注：图中BTPC表示消化前总酚含量；ATPC表示消化后总酚含量；BDPPH表示消化前对DPPH自由基的清除能力；ADPPH消化后对DPPH自由基的清除能力。

Figure  5.  Correlation coefficient amongst total phenol content and DPPH radical scavenging ability before and after simulated gastrointestinal digestion

下载: 全尺寸图片 幻灯片

2.4.2   体外模拟消化前后对ABTS⁺自由基的清除能力

紫苏叶提取物体外模拟消化前后对ABTS⁺自由基的清除能力如图6所示。经体外胃肠模拟消化后清除ABTS⁺自由基的能力显著提高（P<0.05），且均大于对照组。其中大米淀粉（对照）经消化后清除ABTS⁺自由基的能力是消化前的1.2倍，添加5%紫苏叶粗提物的样品消化前后对ABTS⁺自由基的清除能力差距最大，消化后约为消化前的1.5倍。此外，添加5%紫苏叶粗提物的样品消化后对ABTS⁺自由基的清除能力最低（44.97%），添加15%一次纯化物消化后对ABTS⁺自由基的清除能力最高（57.25%）。如图3和图6所示，在模拟消化过程中总酚含量与ABTS⁺自由基清除能力变化规律相似，图7中Pearson相关性分析结果也表明消化前后总酚含量与抗氧化能力具有相关性。汪瑞敏等^[34]的研究也发现黄秋葵发酵液对ABTS⁺自由基的清除率会随着消化过程中总酚含量的变化而变化，与本文研究结果一致。

图  6  消化前后对ABTS⁺自由基的清除能力

Figure  6.  ABTS⁺ radical scavenging ability before and after digestion

下载: 全尺寸图片 幻灯片

图  7  消化前后的总酚含量与对ABTS⁺自由基的清除能力的相关性

注：图中BTPC表示消化前总酚含量；ATPC表示消化后总酚含量；BABTS表示消化前对DPPH自由基的清除能力；AABTS消化后对DPPH自由基的清除能力。

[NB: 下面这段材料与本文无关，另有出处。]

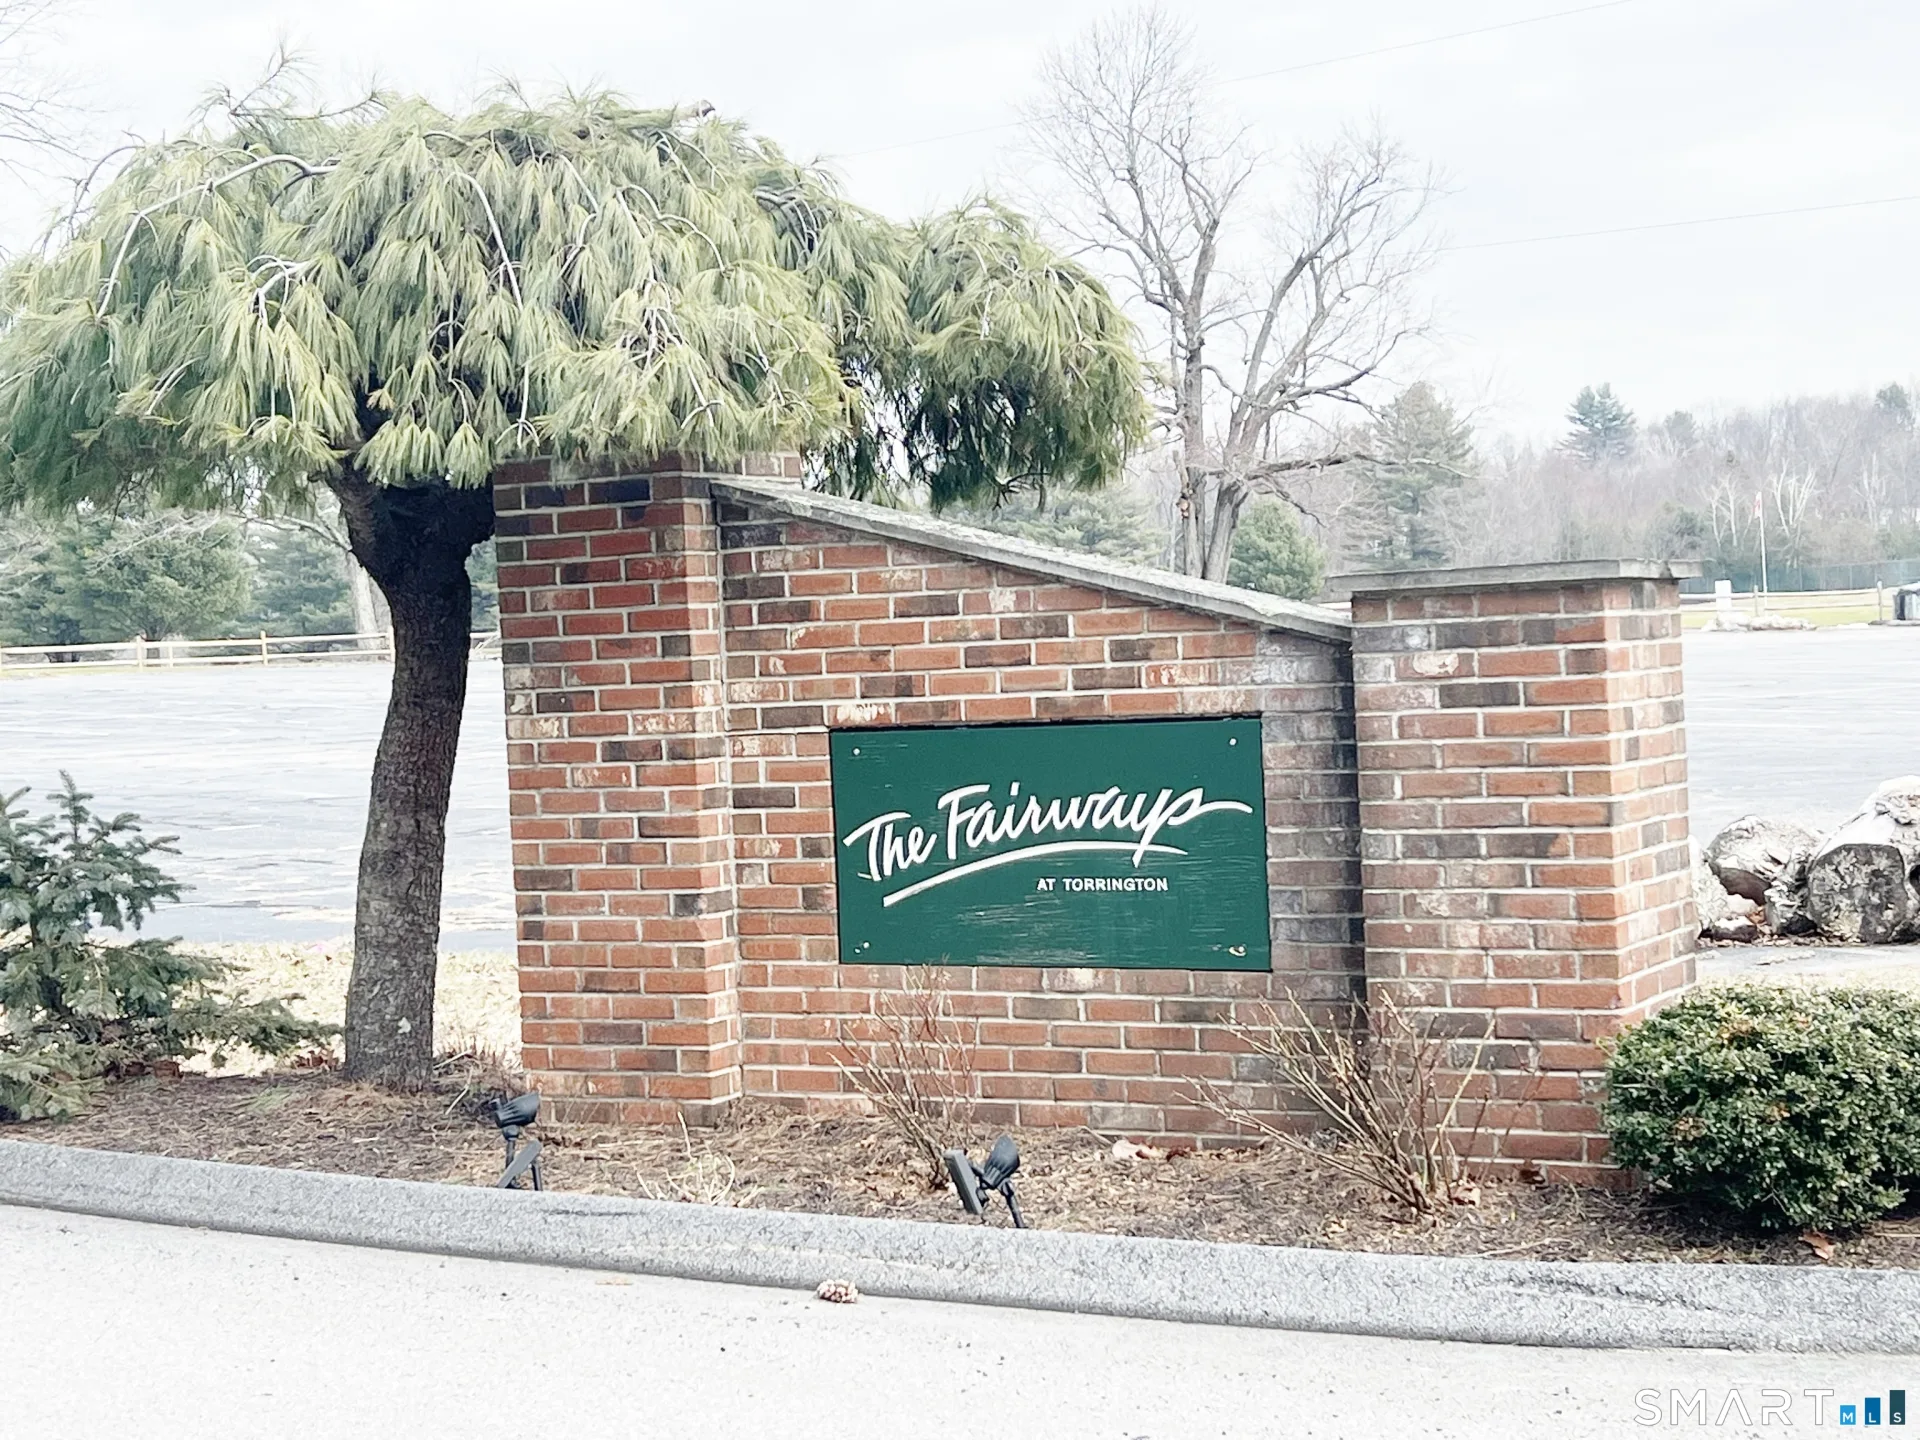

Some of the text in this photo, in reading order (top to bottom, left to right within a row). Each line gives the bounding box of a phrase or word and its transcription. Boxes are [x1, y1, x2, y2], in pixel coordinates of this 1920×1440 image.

Figure  7.  Correlation coefficient amongst total phenol content and ABTS⁺ radical scavenging ability before and after simulated gastrointestinal digestion

下载: 全尺寸图片 幻灯片

3.   结论

本实验分别研究了紫苏叶、紫苏叶粗提物、一次纯化物（经大孔树脂）、二次纯化物（经葡聚糖凝胶层析）经过模拟胃肠消化过程的多酚含量变化、抗氧化活性变化以及降糖作用。样品糊化特性表明，添加活性物质对淀粉的糊化性质有显著影响，其峰值黏度、谷值黏度、最终黏度、糊化温度以及回生值等均与活性物质添加量密切相关。体外模拟胃肠道消化过程中，添加了活性物质的样品还原糖释放量明显减少，随着活性物质添加量从5%增加到15%，AUC值总体呈下降趋势，表明紫苏叶提取物对淀粉体外升糖反应有抑制作用。此外，紫苏叶、紫苏叶粗提物、一次纯化物和二次纯化物消化后样品中总酚含量均显著增加（P<0.05），样品对DPPH和ABTS⁺自由基的清除能力提高。研究表明紫苏叶在食品领域具有重要的利用价值，对提高其在功能性食品中的应用意义重大。